Activity: Without the pictures, set down everything in the listing exactly.

Information provided:
((

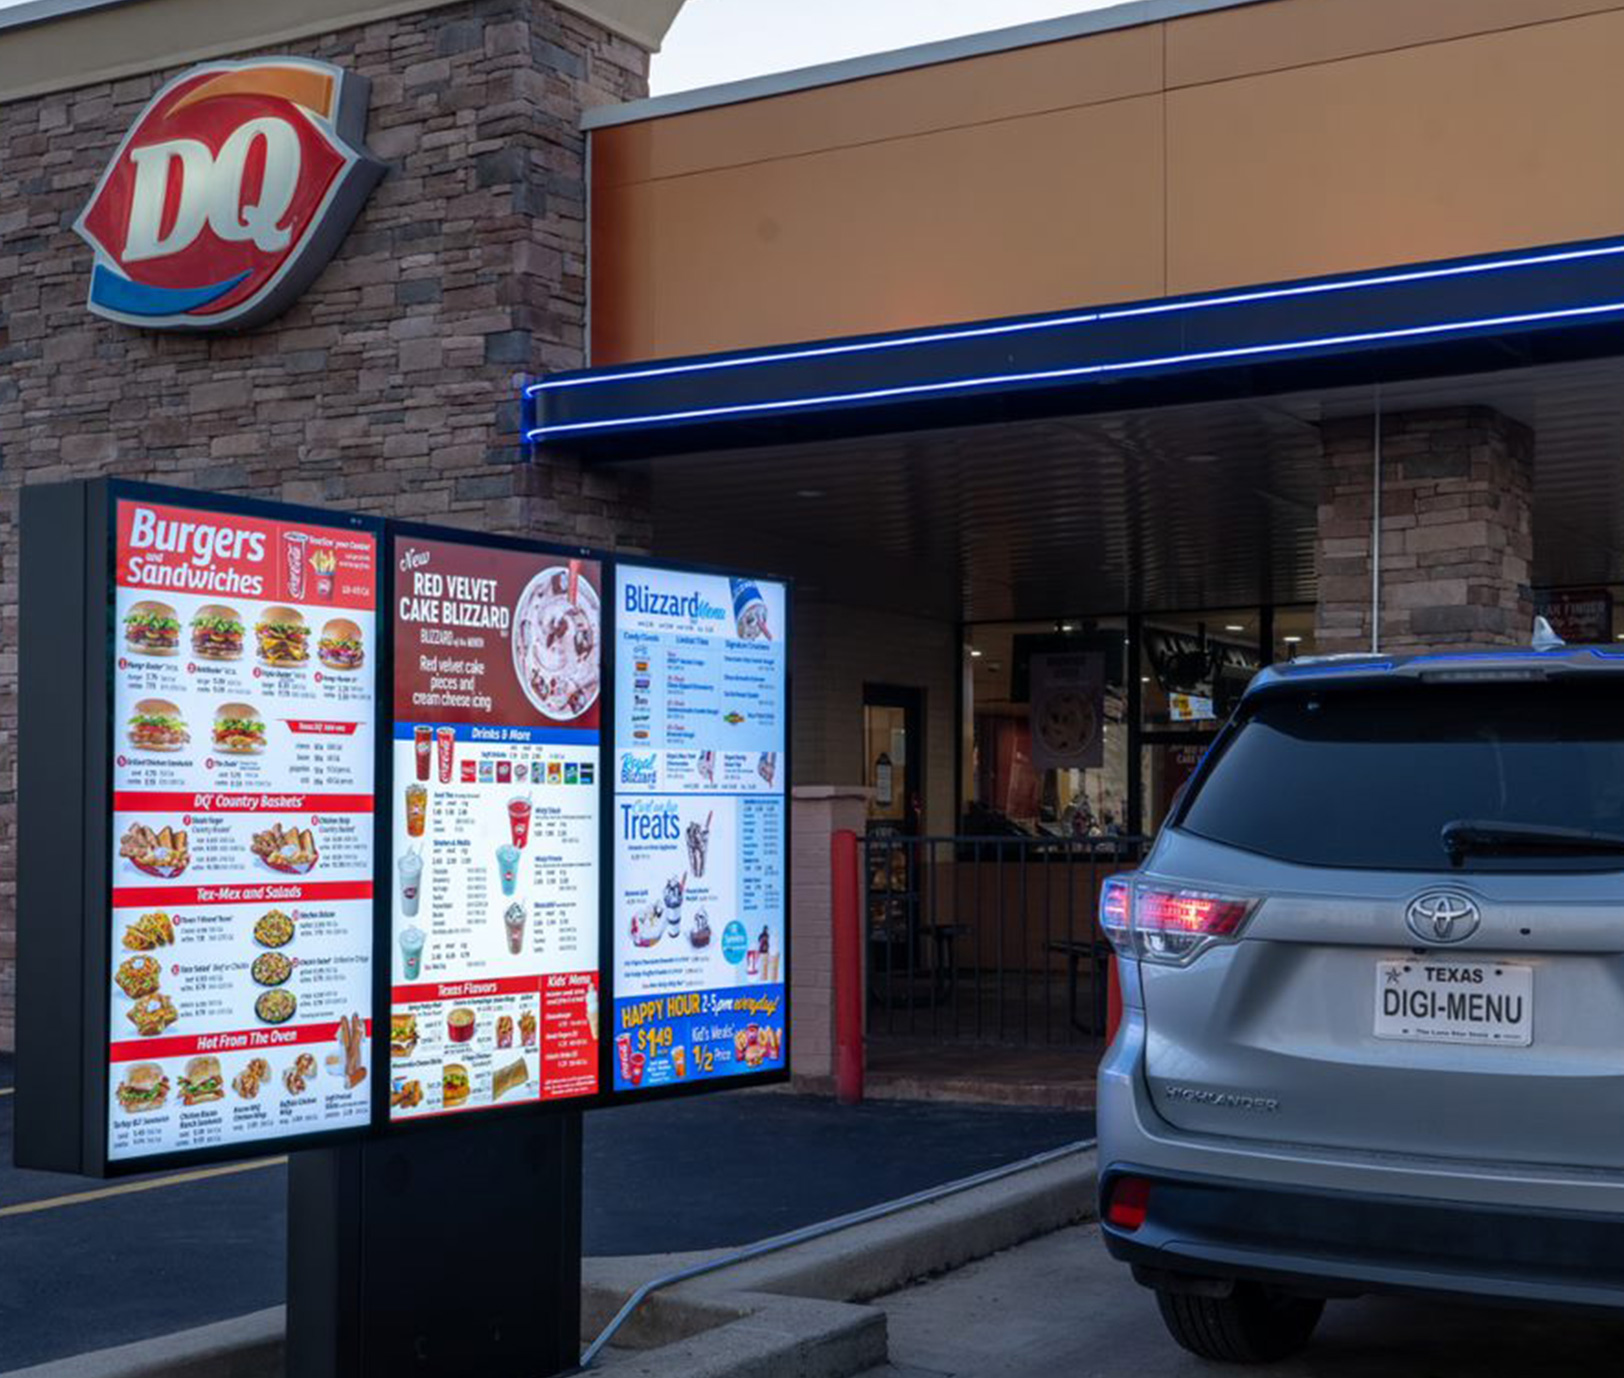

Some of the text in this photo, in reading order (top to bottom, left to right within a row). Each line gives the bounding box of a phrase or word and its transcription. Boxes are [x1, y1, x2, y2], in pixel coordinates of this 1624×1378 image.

[121, 117, 300, 262] DQ
[129, 508, 266, 565] Burgers
[146, 553, 163, 562] and
[400, 548, 430, 571] New
[127, 556, 264, 595] Sandwiches
[414, 572, 497, 602] RED VELVET
[625, 584, 699, 617] Blizzard
[400, 597, 509, 629] CAKE BLIZZARD
[420, 655, 485, 675] Red velvet cake
[431, 672, 475, 691] pieces and
[413, 690, 492, 712] cream cheese icing
[471, 727, 500, 739] Drinks
[509, 729, 531, 741] More
[215, 794, 259, 810] Country
[260, 794, 303, 809] Baskets
[621, 803, 680, 840] Treats
[196, 884, 302, 901] Tex-Mex and Salads
[1424, 966, 1484, 984] TEXAS
[438, 982, 497, 996] Texas Flavors
[621, 999, 664, 1028] HAPPY
[667, 993, 700, 1018] HOUR
[1383, 988, 1522, 1024] DIGI-MENU
[197, 1029, 298, 1050] Hot From The Oven
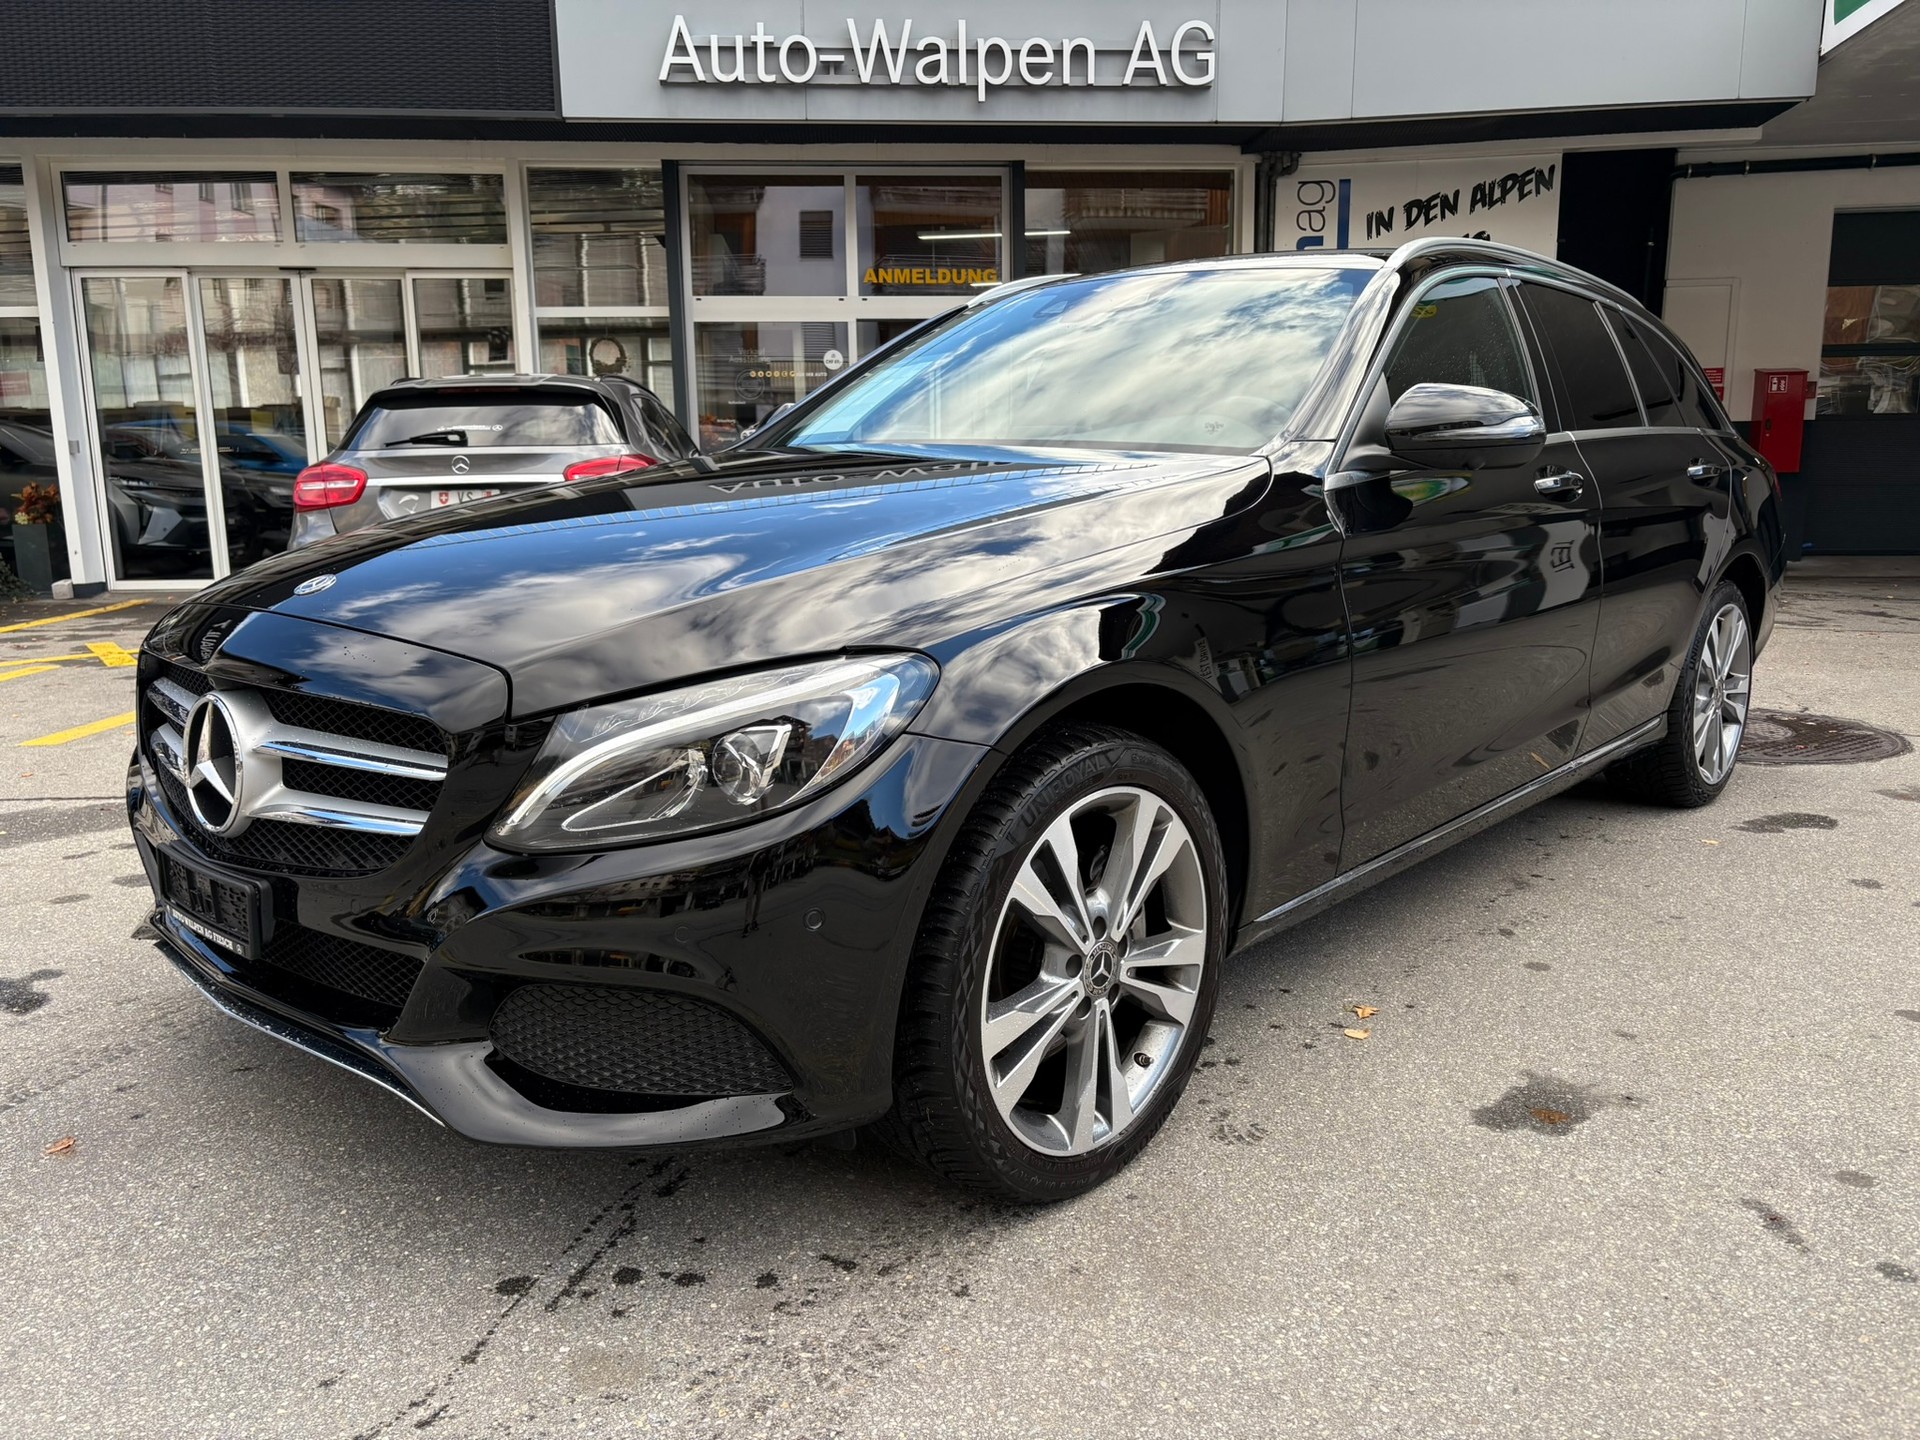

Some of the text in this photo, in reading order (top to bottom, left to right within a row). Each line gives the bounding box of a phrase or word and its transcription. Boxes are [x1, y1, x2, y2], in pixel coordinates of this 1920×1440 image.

))

Written solution:
Some of the text in this photo, in reading order (top to bottom, left to right within a row). Each line gives the bounding box of a phrase or word and its transcription. Boxes are [x1, y1, x2, y2], in pixel coordinates of this 1624×1378 image.

[121, 117, 300, 262] DQ
[129, 508, 266, 565] Burgers
[146, 553, 163, 562] and
[400, 548, 430, 571] New
[127, 556, 264, 595] Sandwiches
[414, 572, 497, 602] RED VELVET
[625, 584, 699, 617] Blizzard
[400, 597, 509, 629] CAKE BLIZZARD
[420, 655, 485, 675] Red velvet cake
[431, 672, 475, 691] pieces and
[413, 690, 492, 712] cream cheese icing
[471, 727, 500, 739] Drinks
[509, 729, 531, 741] More
[215, 794, 259, 810] Country
[260, 794, 303, 809] Baskets
[621, 803, 680, 840] Treats
[196, 884, 302, 901] Tex-Mex and Salads
[1424, 966, 1484, 984] TEXAS
[438, 982, 497, 996] Texas Flavors
[621, 999, 664, 1028] HAPPY
[667, 993, 700, 1018] HOUR
[1383, 988, 1522, 1024] DIGI-MENU
[197, 1029, 298, 1050] Hot From The Oven

Some of the text in this photo, in reading order (top to bottom, left to right within a row). Each line gives the bounding box of a phrase or word and its transcription. Boxes are [x1, y1, x2, y2], in pixel coordinates of this 1920×1440 image.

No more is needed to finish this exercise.